• DATA RECORDS:
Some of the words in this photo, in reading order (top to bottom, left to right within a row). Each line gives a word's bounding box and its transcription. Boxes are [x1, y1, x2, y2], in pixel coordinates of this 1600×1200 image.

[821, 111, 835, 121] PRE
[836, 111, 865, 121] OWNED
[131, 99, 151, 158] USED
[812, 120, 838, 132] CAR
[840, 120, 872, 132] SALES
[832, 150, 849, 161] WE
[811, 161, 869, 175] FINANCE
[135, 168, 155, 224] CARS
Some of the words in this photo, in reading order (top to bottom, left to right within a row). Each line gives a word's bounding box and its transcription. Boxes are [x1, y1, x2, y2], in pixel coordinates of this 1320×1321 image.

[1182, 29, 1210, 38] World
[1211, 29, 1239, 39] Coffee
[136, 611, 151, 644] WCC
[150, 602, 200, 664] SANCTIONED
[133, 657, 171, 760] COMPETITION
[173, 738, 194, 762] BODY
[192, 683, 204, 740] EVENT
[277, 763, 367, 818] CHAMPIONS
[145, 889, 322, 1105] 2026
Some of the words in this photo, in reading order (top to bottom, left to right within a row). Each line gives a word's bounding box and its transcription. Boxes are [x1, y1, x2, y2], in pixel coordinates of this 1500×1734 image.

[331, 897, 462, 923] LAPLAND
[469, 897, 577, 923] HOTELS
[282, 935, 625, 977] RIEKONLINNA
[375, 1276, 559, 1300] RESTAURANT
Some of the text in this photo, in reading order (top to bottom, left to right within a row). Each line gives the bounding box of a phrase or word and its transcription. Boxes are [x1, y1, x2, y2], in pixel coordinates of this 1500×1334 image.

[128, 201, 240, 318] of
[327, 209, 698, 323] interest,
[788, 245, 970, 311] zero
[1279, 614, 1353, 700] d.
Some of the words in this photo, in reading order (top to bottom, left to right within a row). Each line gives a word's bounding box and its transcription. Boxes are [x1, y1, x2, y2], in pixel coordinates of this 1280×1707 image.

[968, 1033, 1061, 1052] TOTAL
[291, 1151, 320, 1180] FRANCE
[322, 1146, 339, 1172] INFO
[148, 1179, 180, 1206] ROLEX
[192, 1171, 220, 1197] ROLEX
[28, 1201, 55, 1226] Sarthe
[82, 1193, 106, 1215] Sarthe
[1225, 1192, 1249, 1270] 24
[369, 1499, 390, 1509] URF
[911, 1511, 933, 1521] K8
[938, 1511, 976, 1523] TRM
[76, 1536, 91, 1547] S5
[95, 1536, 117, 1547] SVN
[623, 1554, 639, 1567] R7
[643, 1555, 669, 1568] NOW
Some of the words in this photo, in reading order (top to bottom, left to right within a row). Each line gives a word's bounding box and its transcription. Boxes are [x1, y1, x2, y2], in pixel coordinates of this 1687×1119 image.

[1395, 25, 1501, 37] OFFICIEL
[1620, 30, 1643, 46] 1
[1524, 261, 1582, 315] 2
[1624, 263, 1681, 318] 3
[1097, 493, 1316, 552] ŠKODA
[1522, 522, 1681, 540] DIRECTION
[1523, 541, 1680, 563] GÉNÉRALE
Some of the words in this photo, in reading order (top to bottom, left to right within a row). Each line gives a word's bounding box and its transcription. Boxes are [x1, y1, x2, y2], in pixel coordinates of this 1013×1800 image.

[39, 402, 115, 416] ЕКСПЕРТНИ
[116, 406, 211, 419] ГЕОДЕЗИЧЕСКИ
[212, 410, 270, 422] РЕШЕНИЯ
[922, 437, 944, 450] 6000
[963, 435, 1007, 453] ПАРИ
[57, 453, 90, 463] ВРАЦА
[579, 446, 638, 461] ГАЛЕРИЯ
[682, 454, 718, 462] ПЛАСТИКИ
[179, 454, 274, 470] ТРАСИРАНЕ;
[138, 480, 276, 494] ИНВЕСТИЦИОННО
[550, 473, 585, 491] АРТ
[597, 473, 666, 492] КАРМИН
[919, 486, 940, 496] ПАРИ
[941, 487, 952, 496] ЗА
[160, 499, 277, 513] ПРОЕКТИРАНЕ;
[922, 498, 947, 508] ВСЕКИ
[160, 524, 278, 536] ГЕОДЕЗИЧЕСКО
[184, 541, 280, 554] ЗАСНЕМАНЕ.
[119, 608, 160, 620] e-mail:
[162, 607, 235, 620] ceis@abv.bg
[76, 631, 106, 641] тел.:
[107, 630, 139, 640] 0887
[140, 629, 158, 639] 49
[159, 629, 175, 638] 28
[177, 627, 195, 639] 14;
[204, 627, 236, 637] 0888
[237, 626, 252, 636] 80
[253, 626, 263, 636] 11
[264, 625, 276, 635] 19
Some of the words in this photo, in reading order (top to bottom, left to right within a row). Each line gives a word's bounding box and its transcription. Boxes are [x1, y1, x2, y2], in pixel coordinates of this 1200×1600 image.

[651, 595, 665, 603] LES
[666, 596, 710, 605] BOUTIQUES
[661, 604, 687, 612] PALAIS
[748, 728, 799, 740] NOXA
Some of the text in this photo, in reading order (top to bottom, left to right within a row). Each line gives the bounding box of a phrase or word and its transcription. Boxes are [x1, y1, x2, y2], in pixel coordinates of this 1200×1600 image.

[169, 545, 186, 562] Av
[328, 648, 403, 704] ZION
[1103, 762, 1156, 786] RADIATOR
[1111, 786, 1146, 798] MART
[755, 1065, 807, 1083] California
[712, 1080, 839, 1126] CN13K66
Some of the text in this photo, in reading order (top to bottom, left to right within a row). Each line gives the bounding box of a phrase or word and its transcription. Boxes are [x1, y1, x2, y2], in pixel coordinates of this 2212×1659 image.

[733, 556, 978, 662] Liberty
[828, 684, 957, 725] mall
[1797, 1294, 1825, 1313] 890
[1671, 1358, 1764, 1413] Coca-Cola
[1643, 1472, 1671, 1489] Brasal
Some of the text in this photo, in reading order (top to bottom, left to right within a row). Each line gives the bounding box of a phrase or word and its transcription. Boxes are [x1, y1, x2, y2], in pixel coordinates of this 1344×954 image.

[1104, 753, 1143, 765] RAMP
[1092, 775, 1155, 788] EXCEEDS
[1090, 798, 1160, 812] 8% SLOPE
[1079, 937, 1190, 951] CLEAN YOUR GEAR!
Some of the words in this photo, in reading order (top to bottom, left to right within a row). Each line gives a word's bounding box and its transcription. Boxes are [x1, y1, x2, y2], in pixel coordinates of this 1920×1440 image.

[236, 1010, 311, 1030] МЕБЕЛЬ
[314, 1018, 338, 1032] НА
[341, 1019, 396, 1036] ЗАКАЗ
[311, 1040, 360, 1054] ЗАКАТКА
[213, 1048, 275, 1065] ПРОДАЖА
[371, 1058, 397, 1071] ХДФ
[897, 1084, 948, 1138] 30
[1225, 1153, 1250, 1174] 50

• WHAT TO DO:
Copy out the records above exactly and completely.

• OUTPUT FOR THIS TASK:
Some of the words in this photo, in reading order (top to bottom, left to right within a row). Each line gives a word's bounding box and its transcription. Boxes are [x1, y1, x2, y2], in pixel coordinates of this 1600×1200 image.

[821, 111, 835, 121] PRE
[836, 111, 865, 121] OWNED
[131, 99, 151, 158] USED
[812, 120, 838, 132] CAR
[840, 120, 872, 132] SALES
[832, 150, 849, 161] WE
[811, 161, 869, 175] FINANCE
[135, 168, 155, 224] CARS
Some of the words in this photo, in reading order (top to bottom, left to right within a row). Each line gives a word's bounding box and its transcription. Boxes are [x1, y1, x2, y2], in pixel coordinates of this 1320×1321 image.

[1182, 29, 1210, 38] World
[1211, 29, 1239, 39] Coffee
[136, 611, 151, 644] WCC
[150, 602, 200, 664] SANCTIONED
[133, 657, 171, 760] COMPETITION
[173, 738, 194, 762] BODY
[192, 683, 204, 740] EVENT
[277, 763, 367, 818] CHAMPIONS
[145, 889, 322, 1105] 2026
Some of the words in this photo, in reading order (top to bottom, left to right within a row). Each line gives a word's bounding box and its transcription. Boxes are [x1, y1, x2, y2], in pixel coordinates of this 1500×1734 image.

[331, 897, 462, 923] LAPLAND
[469, 897, 577, 923] HOTELS
[282, 935, 625, 977] RIEKONLINNA
[375, 1276, 559, 1300] RESTAURANT
Some of the text in this photo, in reading order (top to bottom, left to right within a row). Each line gives the bounding box of a phrase or word and its transcription. Boxes are [x1, y1, x2, y2], in pixel coordinates of this 1500×1334 image.

[128, 201, 240, 318] of
[327, 209, 698, 323] interest,
[788, 245, 970, 311] zero
[1279, 614, 1353, 700] d.
Some of the words in this photo, in reading order (top to bottom, left to right within a row). Each line gives a word's bounding box and its transcription. Boxes are [x1, y1, x2, y2], in pixel coordinates of this 1280×1707 image.

[968, 1033, 1061, 1052] TOTAL
[291, 1151, 320, 1180] FRANCE
[322, 1146, 339, 1172] INFO
[148, 1179, 180, 1206] ROLEX
[192, 1171, 220, 1197] ROLEX
[28, 1201, 55, 1226] Sarthe
[82, 1193, 106, 1215] Sarthe
[1225, 1192, 1249, 1270] 24
[369, 1499, 390, 1509] URF
[911, 1511, 933, 1521] K8
[938, 1511, 976, 1523] TRM
[76, 1536, 91, 1547] S5
[95, 1536, 117, 1547] SVN
[623, 1554, 639, 1567] R7
[643, 1555, 669, 1568] NOW
Some of the words in this photo, in reading order (top to bottom, left to right within a row). Each line gives a word's bounding box and its transcription. Boxes are [x1, y1, x2, y2], in pixel coordinates of this 1687×1119 image.

[1395, 25, 1501, 37] OFFICIEL
[1620, 30, 1643, 46] 1
[1524, 261, 1582, 315] 2
[1624, 263, 1681, 318] 3
[1097, 493, 1316, 552] ŠKODA
[1522, 522, 1681, 540] DIRECTION
[1523, 541, 1680, 563] GÉNÉRALE
Some of the words in this photo, in reading order (top to bottom, left to right within a row). Each line gives a word's bounding box and its transcription. Boxes are [x1, y1, x2, y2], in pixel coordinates of this 1013×1800 image.

[39, 402, 115, 416] ЕКСПЕРТНИ
[116, 406, 211, 419] ГЕОДЕЗИЧЕСКИ
[212, 410, 270, 422] РЕШЕНИЯ
[922, 437, 944, 450] 6000
[963, 435, 1007, 453] ПАРИ
[57, 453, 90, 463] ВРАЦА
[579, 446, 638, 461] ГАЛЕРИЯ
[682, 454, 718, 462] ПЛАСТИКИ
[179, 454, 274, 470] ТРАСИРАНЕ;
[138, 480, 276, 494] ИНВЕСТИЦИОННО
[550, 473, 585, 491] АРТ
[597, 473, 666, 492] КАРМИН
[919, 486, 940, 496] ПАРИ
[941, 487, 952, 496] ЗА
[160, 499, 277, 513] ПРОЕКТИРАНЕ;
[922, 498, 947, 508] ВСЕКИ
[160, 524, 278, 536] ГЕОДЕЗИЧЕСКО
[184, 541, 280, 554] ЗАСНЕМАНЕ.
[119, 608, 160, 620] e-mail:
[162, 607, 235, 620] ceis@abv.bg
[76, 631, 106, 641] тел.:
[107, 630, 139, 640] 0887
[140, 629, 158, 639] 49
[159, 629, 175, 638] 28
[177, 627, 195, 639] 14;
[204, 627, 236, 637] 0888
[237, 626, 252, 636] 80
[253, 626, 263, 636] 11
[264, 625, 276, 635] 19
Some of the words in this photo, in reading order (top to bottom, left to right within a row). Each line gives a word's bounding box and its transcription. Boxes are [x1, y1, x2, y2], in pixel coordinates of this 1200×1600 image.

[651, 595, 665, 603] LES
[666, 596, 710, 605] BOUTIQUES
[661, 604, 687, 612] PALAIS
[748, 728, 799, 740] NOXA
Some of the text in this photo, in reading order (top to bottom, left to right within a row). Each line gives the bounding box of a phrase or word and its transcription. Boxes are [x1, y1, x2, y2], in pixel coordinates of this 1200×1600 image.

[169, 545, 186, 562] Av
[328, 648, 403, 704] ZION
[1103, 762, 1156, 786] RADIATOR
[1111, 786, 1146, 798] MART
[755, 1065, 807, 1083] California
[712, 1080, 839, 1126] CN13K66
Some of the text in this photo, in reading order (top to bottom, left to right within a row). Each line gives the bounding box of a phrase or word and its transcription. Boxes are [x1, y1, x2, y2], in pixel coordinates of this 2212×1659 image.

[733, 556, 978, 662] Liberty
[828, 684, 957, 725] mall
[1797, 1294, 1825, 1313] 890
[1671, 1358, 1764, 1413] Coca-Cola
[1643, 1472, 1671, 1489] Brasal
Some of the text in this photo, in reading order (top to bottom, left to right within a row). Each line gives the bounding box of a phrase or word and its transcription. Boxes are [x1, y1, x2, y2], in pixel coordinates of this 1344×954 image.

[1104, 753, 1143, 765] RAMP
[1092, 775, 1155, 788] EXCEEDS
[1090, 798, 1160, 812] 8% SLOPE
[1079, 937, 1190, 951] CLEAN YOUR GEAR!
Some of the words in this photo, in reading order (top to bottom, left to right within a row). Each line gives a word's bounding box and its transcription. Boxes are [x1, y1, x2, y2], in pixel coordinates of this 1920×1440 image.

[236, 1010, 311, 1030] МЕБЕЛЬ
[314, 1018, 338, 1032] НА
[341, 1019, 396, 1036] ЗАКАЗ
[311, 1040, 360, 1054] ЗАКАТКА
[213, 1048, 275, 1065] ПРОДАЖА
[371, 1058, 397, 1071] ХДФ
[897, 1084, 948, 1138] 30
[1225, 1153, 1250, 1174] 50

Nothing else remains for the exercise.